Гонзалес внимательно слушал своего шефа. Дайс, настроенный философски, не торопился переходить к главному.

- Когда в тридцатых годах по делу "Метро Виккерс" засыпался бродяга Торнтон, он был тогда крупной ставкой Интеллидженс-сервис. Ценою больших жертв они получили своего Торнтона обратно. Это были славные времена романтики в нашем с тобой деле. Теперь иное время, Балт! Если ты будешь разоблачен, - мы откажем тебе в отечестве.
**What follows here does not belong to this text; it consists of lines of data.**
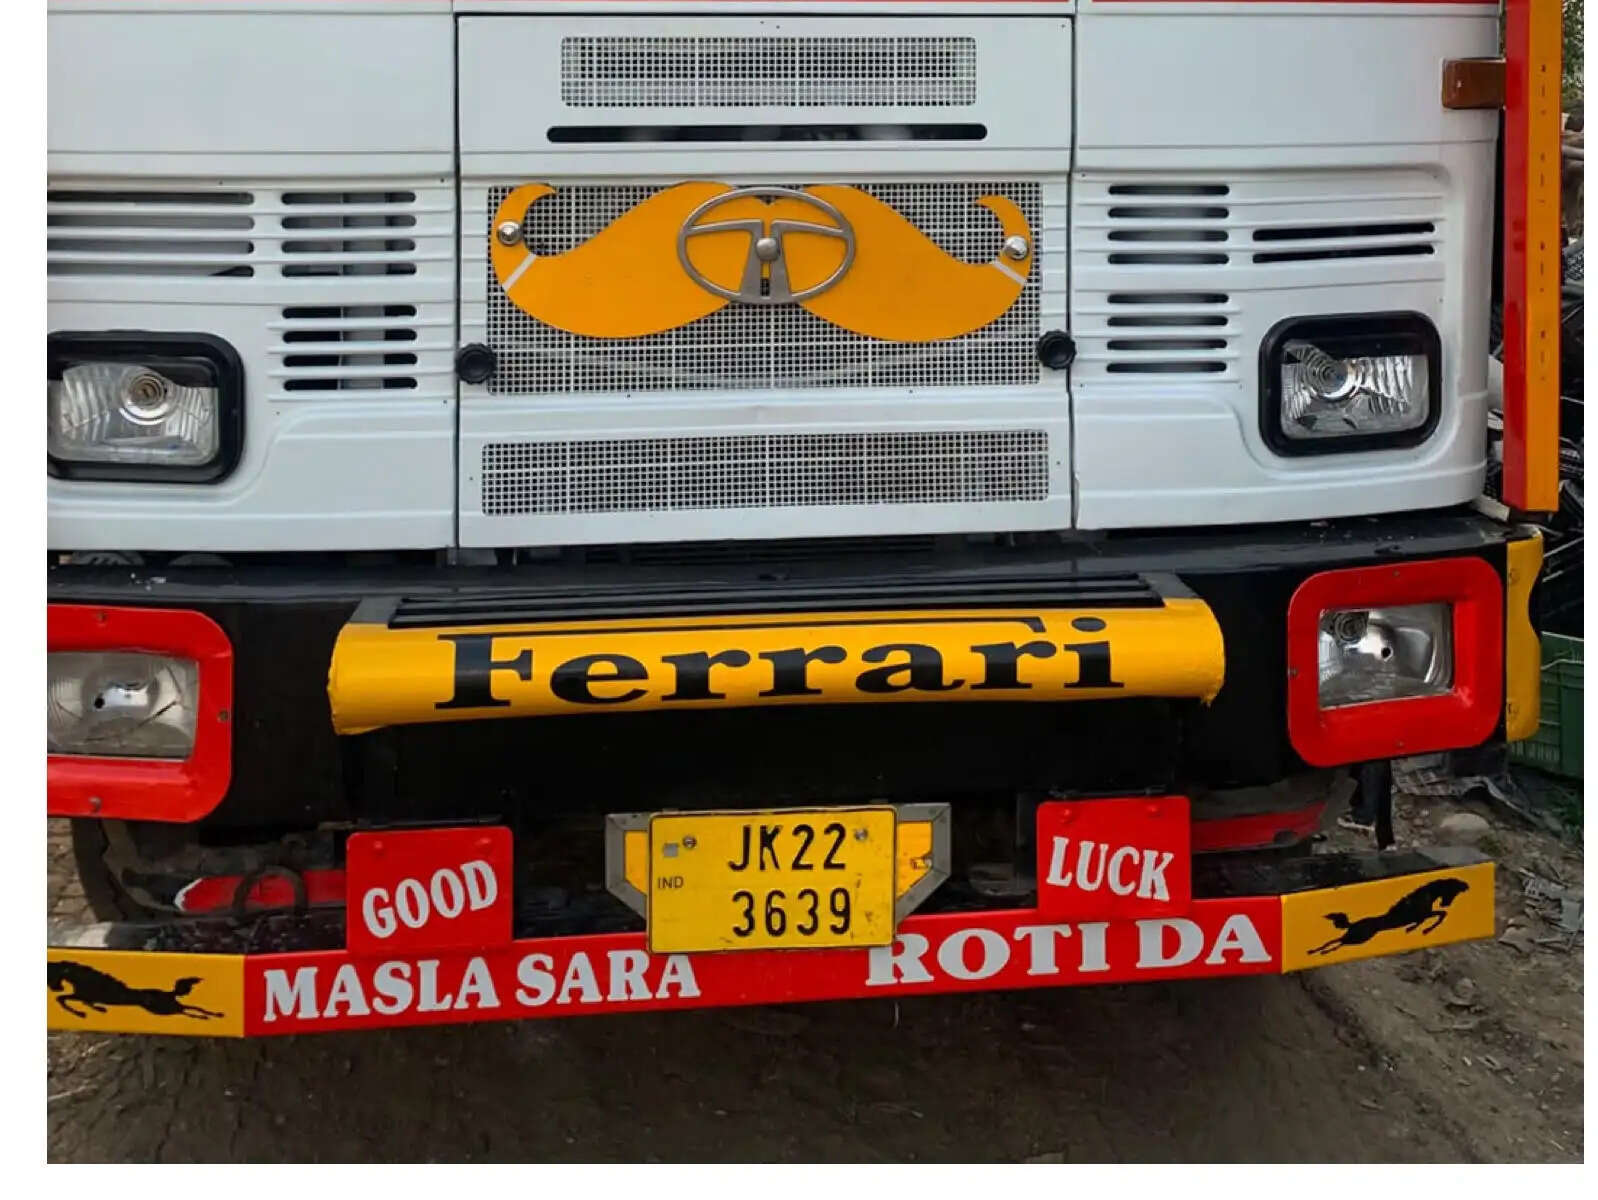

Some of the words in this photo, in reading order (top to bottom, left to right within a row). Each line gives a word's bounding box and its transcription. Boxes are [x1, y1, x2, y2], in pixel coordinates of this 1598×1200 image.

[434, 616, 1125, 710] Ferrari
[728, 823, 847, 872] JK22
[1046, 837, 1174, 902] LUCK
[362, 859, 498, 939] GOOD
[657, 875, 685, 890] IND
[732, 887, 851, 938] 3639
[263, 957, 501, 1022] MASLA
[515, 949, 702, 1006] SARA
[866, 921, 1111, 987] ROTI
[1136, 914, 1272, 970] DA
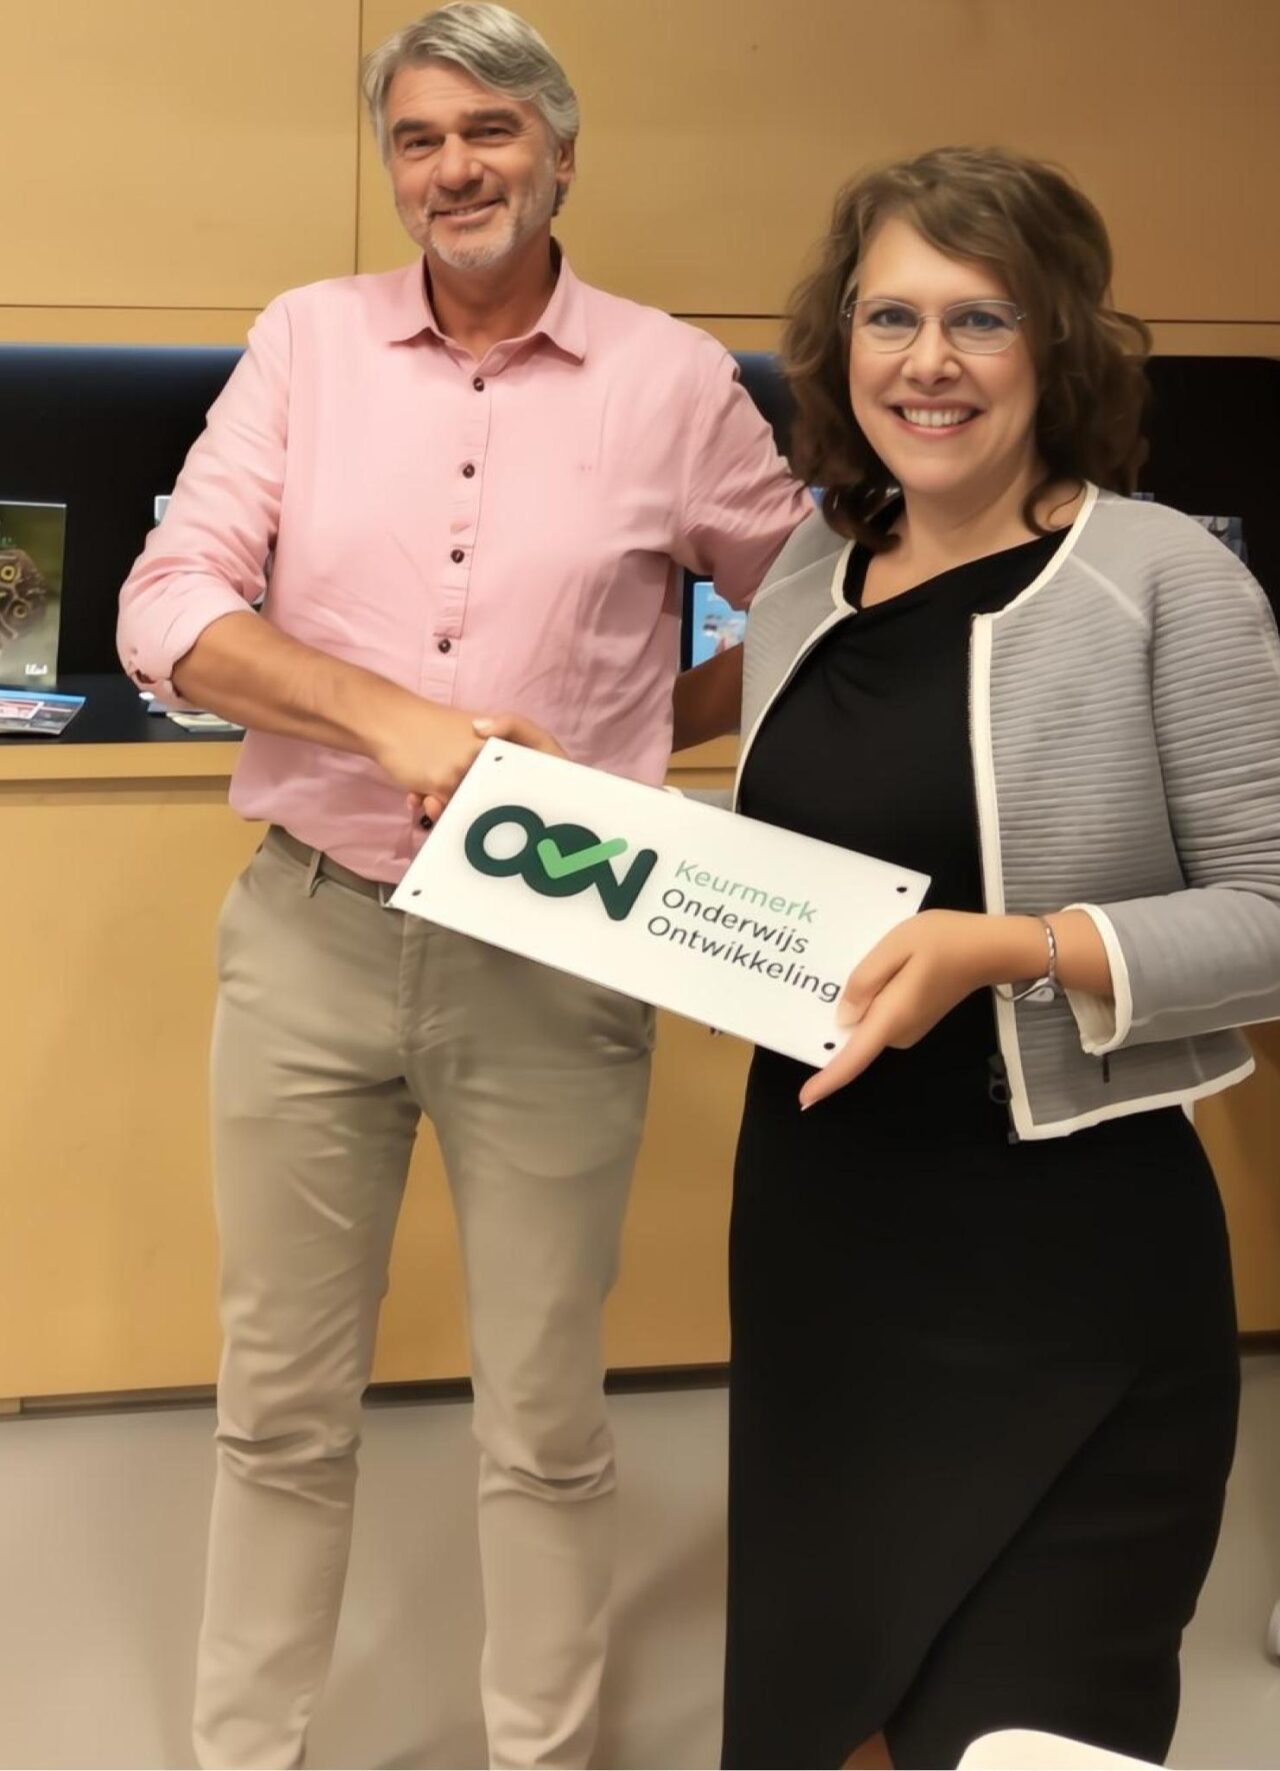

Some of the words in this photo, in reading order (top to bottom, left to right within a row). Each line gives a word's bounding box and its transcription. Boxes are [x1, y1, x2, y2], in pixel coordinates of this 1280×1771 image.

[662, 888, 809, 955] Onderwijs
[675, 860, 819, 924] Keurmerk
[647, 915, 842, 1004] Ontwikkeling
Перед лицом неизбежной опасности скорпион, подняв хвост, вонзает смертоносное жало себе в голову. - Дайс вынул из футляра маленький стеклянный шарик с жидкостью и, показав его Балту, добавил:

- Вот твое смертоносное жало, Балт, возьми его, - и пододвинул футляр собеседнику.

Гонзалес осторожно взял ампулу, положил ее в футляр и сунул в карман.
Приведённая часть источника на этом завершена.